Saved data entries
------------------------------------------------

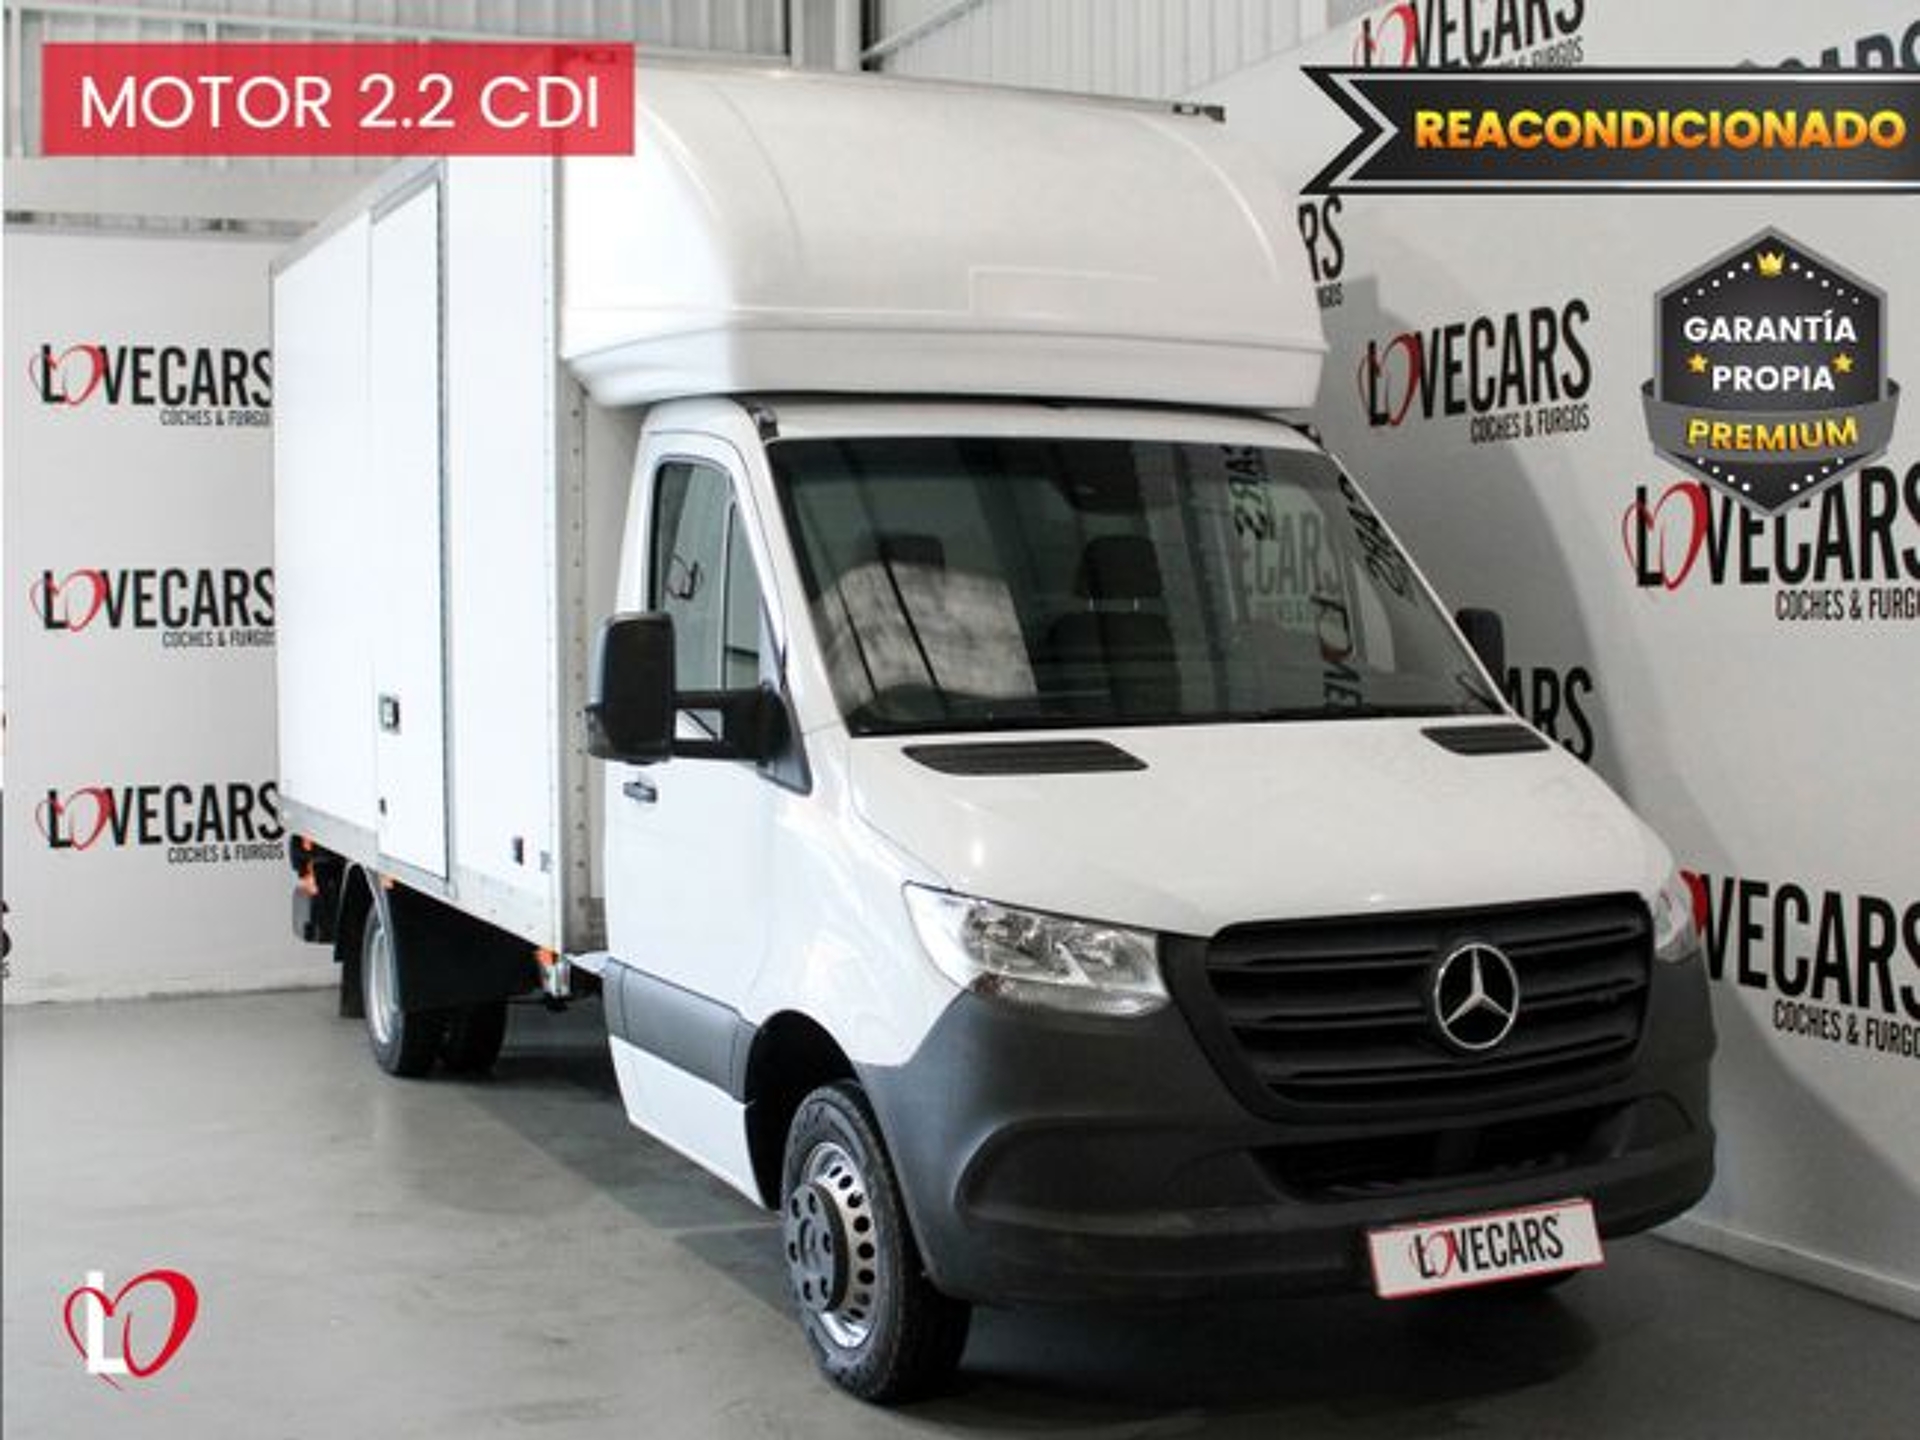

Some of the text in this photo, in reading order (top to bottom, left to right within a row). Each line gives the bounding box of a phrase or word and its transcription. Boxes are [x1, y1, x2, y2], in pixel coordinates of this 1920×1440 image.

[29, 344, 272, 407] LOVECARS
[1358, 299, 1592, 427] LOVECARS
[1471, 403, 1590, 444] COCHES & FURGOS
[29, 568, 275, 632] LOVECARS
[1775, 590, 1844, 621] COCHES
[1849, 587, 1861, 620] &
[35, 781, 285, 851] LOVECARS
[168, 846, 219, 863] COCHES
[1774, 998, 1841, 1042] COCHES
[1847, 1012, 1859, 1045] &
[1408, 1215, 1564, 1279] LOVECARS
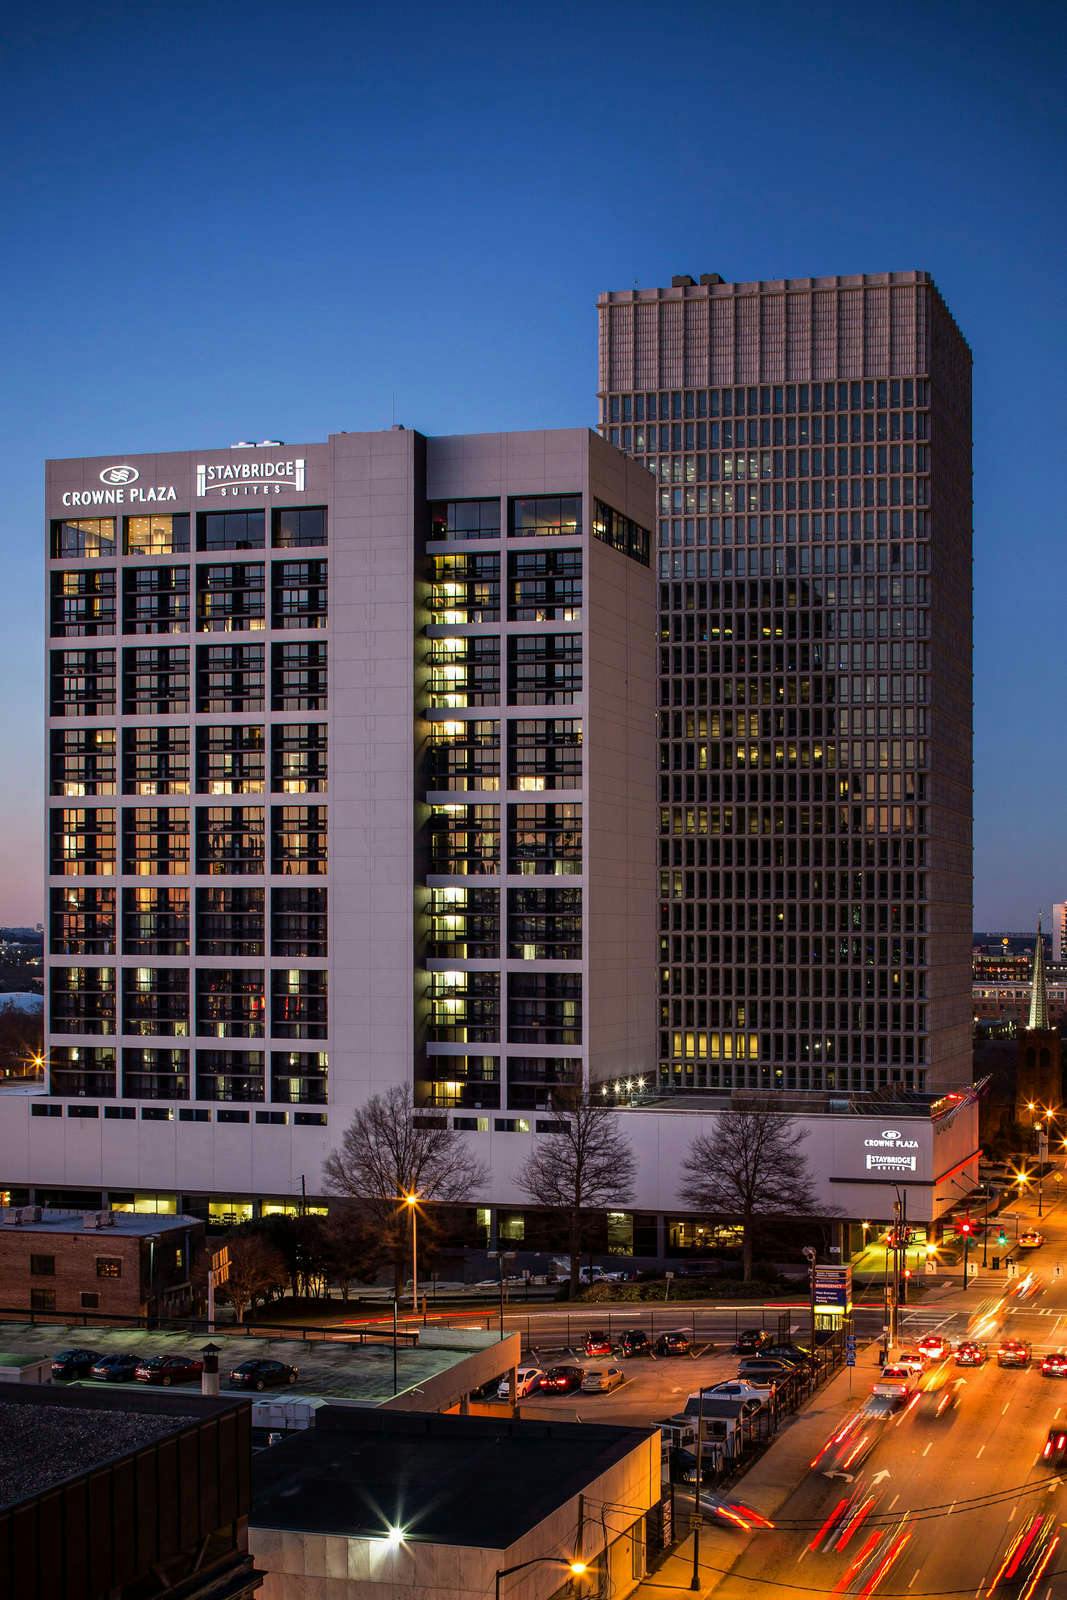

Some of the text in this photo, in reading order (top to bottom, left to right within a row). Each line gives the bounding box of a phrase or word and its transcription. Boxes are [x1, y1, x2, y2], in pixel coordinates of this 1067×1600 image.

[207, 461, 294, 480] STAYBRIDGE
[62, 486, 177, 506] CROWNE PLAZA
[221, 485, 281, 497] SUITES
[864, 1139, 919, 1148] CROWNE PLAZA
[871, 1155, 911, 1164] STAYBRIDGE
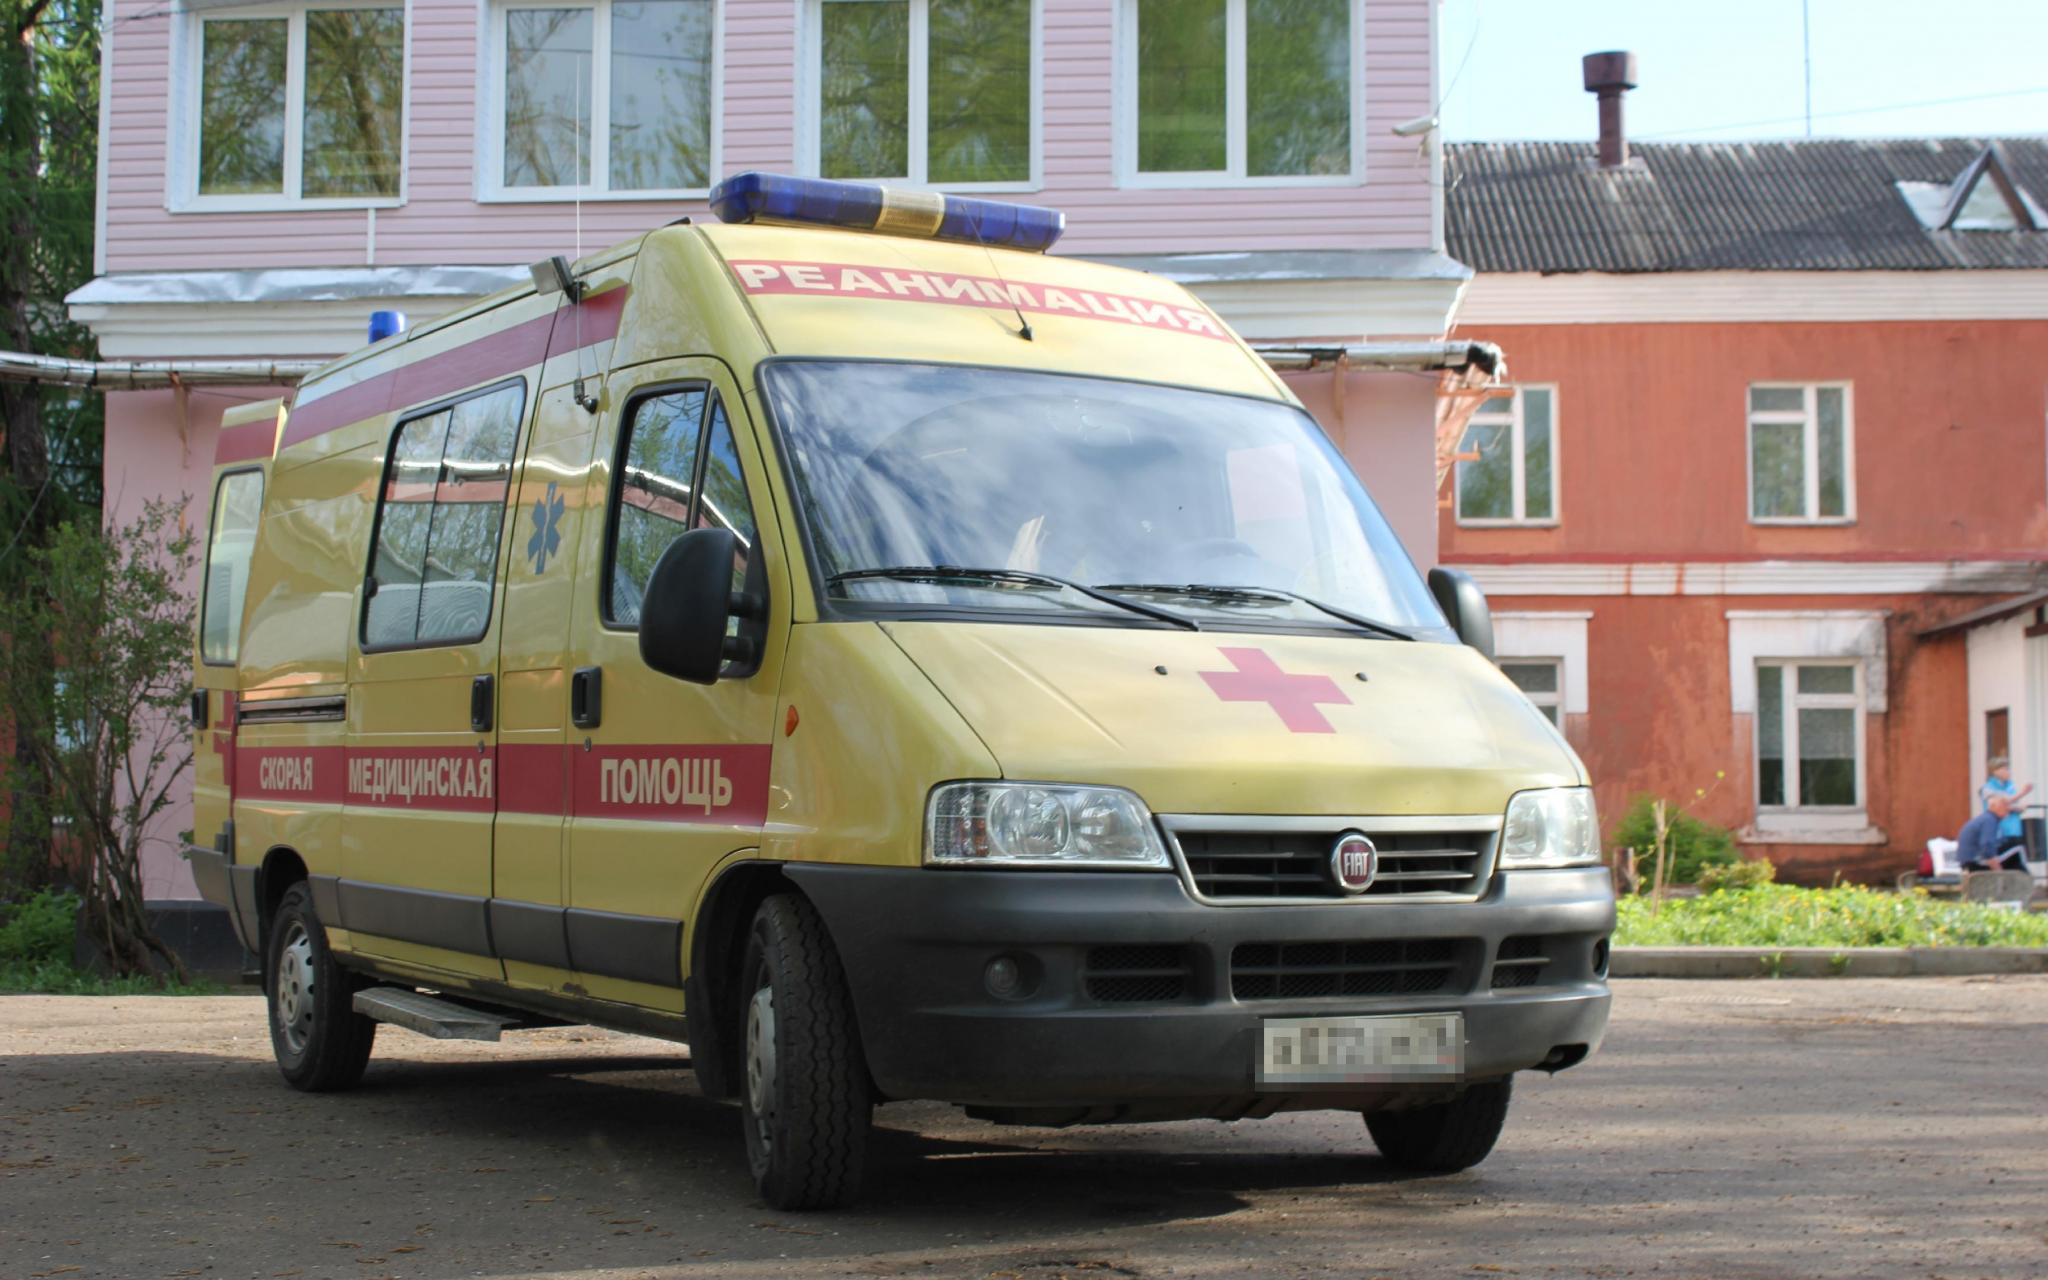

------------------------------------------------

EXERCISE DIRECTIONS: Give every entry again word for word; no images belong in the copy.

TASK ANSWER:
Some of the text in this photo, in reading order (top to bottom, left to right within a row). Each line gives the bounding box of a phrase or word and its transcription. Boxes are [x1, y1, x2, y2], in pixel coordinates of this 1920×1440 image.

[29, 344, 272, 407] LOVECARS
[1358, 299, 1592, 427] LOVECARS
[1471, 403, 1590, 444] COCHES & FURGOS
[29, 568, 275, 632] LOVECARS
[1775, 590, 1844, 621] COCHES
[1849, 587, 1861, 620] &
[35, 781, 285, 851] LOVECARS
[168, 846, 219, 863] COCHES
[1774, 998, 1841, 1042] COCHES
[1847, 1012, 1859, 1045] &
[1408, 1215, 1564, 1279] LOVECARS

Some of the text in this photo, in reading order (top to bottom, left to right within a row). Each line gives the bounding box of a phrase or word and its transcription. Boxes are [x1, y1, x2, y2], in pixel coordinates of this 1067×1600 image.

[207, 461, 294, 480] STAYBRIDGE
[62, 486, 177, 506] CROWNE PLAZA
[221, 485, 281, 497] SUITES
[864, 1139, 919, 1148] CROWNE PLAZA
[871, 1155, 911, 1164] STAYBRIDGE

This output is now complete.